#### Information given
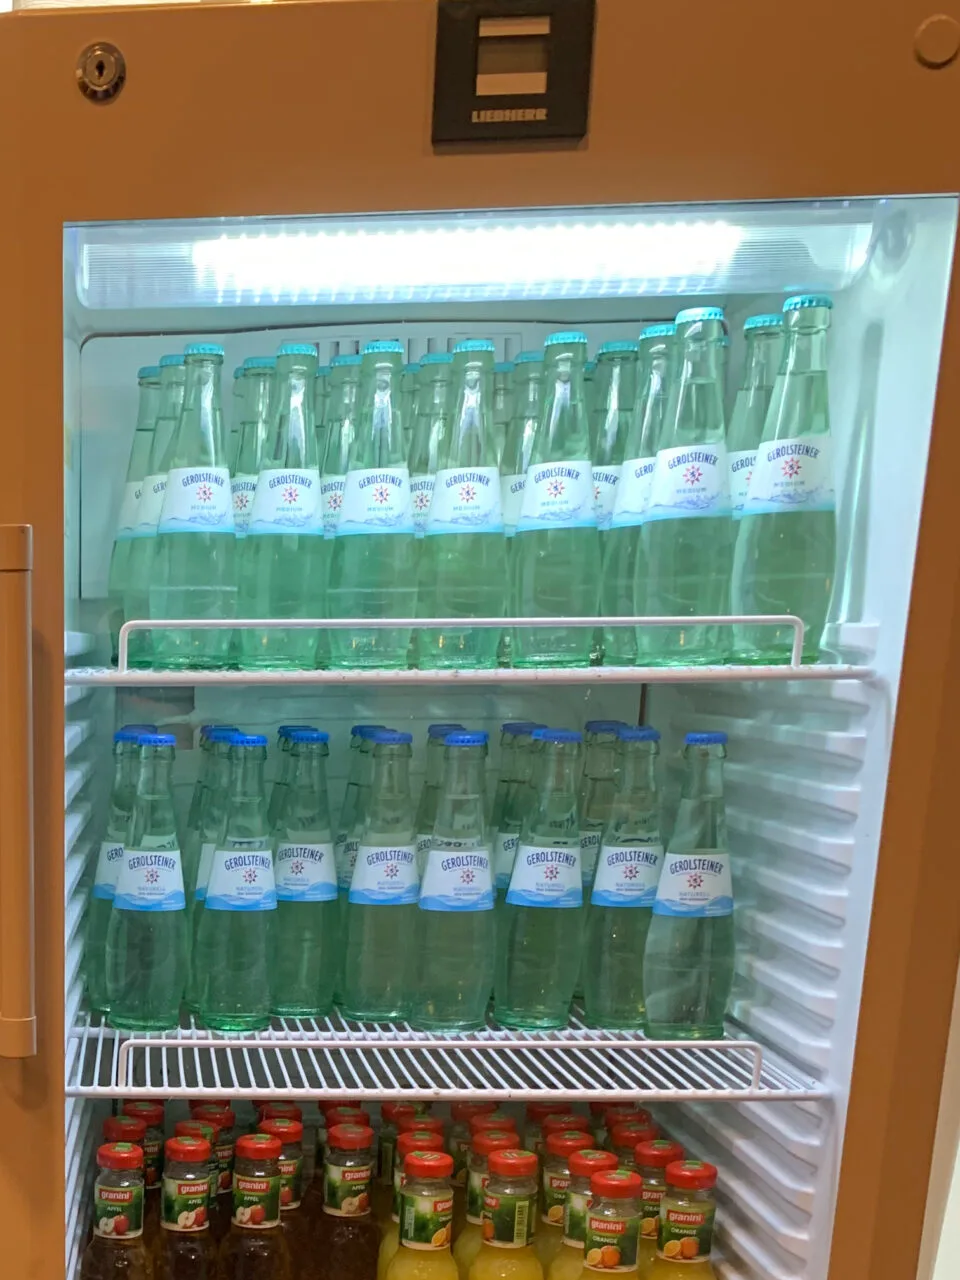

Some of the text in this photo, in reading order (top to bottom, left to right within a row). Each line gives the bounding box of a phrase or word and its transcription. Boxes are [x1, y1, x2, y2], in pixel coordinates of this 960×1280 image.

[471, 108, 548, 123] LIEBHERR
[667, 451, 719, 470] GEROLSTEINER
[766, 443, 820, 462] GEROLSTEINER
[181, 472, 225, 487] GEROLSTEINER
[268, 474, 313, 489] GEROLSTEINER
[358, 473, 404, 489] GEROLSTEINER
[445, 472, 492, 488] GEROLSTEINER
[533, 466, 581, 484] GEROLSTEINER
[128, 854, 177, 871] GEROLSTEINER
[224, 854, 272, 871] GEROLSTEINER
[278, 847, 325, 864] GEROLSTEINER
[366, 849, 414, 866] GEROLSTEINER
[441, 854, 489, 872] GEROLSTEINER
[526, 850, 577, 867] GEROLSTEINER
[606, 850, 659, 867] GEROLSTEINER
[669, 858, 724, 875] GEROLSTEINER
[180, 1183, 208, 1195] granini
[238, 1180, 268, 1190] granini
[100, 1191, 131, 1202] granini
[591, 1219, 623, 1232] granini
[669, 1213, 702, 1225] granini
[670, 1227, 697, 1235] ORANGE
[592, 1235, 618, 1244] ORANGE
########
*Exercise directions*.
Write the listing above out again exactly, but not the images it holds.

*Answer to this problem*.
Some of the text in this photo, in reading order (top to bottom, left to right within a row). Each line gives the bounding box of a phrase or word and its transcription. Boxes are [x1, y1, x2, y2], in pixel coordinates of this 960×1280 image.

[471, 108, 548, 123] LIEBHERR
[667, 451, 719, 470] GEROLSTEINER
[766, 443, 820, 462] GEROLSTEINER
[181, 472, 225, 487] GEROLSTEINER
[268, 474, 313, 489] GEROLSTEINER
[358, 473, 404, 489] GEROLSTEINER
[445, 472, 492, 488] GEROLSTEINER
[533, 466, 581, 484] GEROLSTEINER
[128, 854, 177, 871] GEROLSTEINER
[224, 854, 272, 871] GEROLSTEINER
[278, 847, 325, 864] GEROLSTEINER
[366, 849, 414, 866] GEROLSTEINER
[441, 854, 489, 872] GEROLSTEINER
[526, 850, 577, 867] GEROLSTEINER
[606, 850, 659, 867] GEROLSTEINER
[669, 858, 724, 875] GEROLSTEINER
[180, 1183, 208, 1195] granini
[238, 1180, 268, 1190] granini
[100, 1191, 131, 1202] granini
[591, 1219, 623, 1232] granini
[669, 1213, 702, 1225] granini
[670, 1227, 697, 1235] ORANGE
[592, 1235, 618, 1244] ORANGE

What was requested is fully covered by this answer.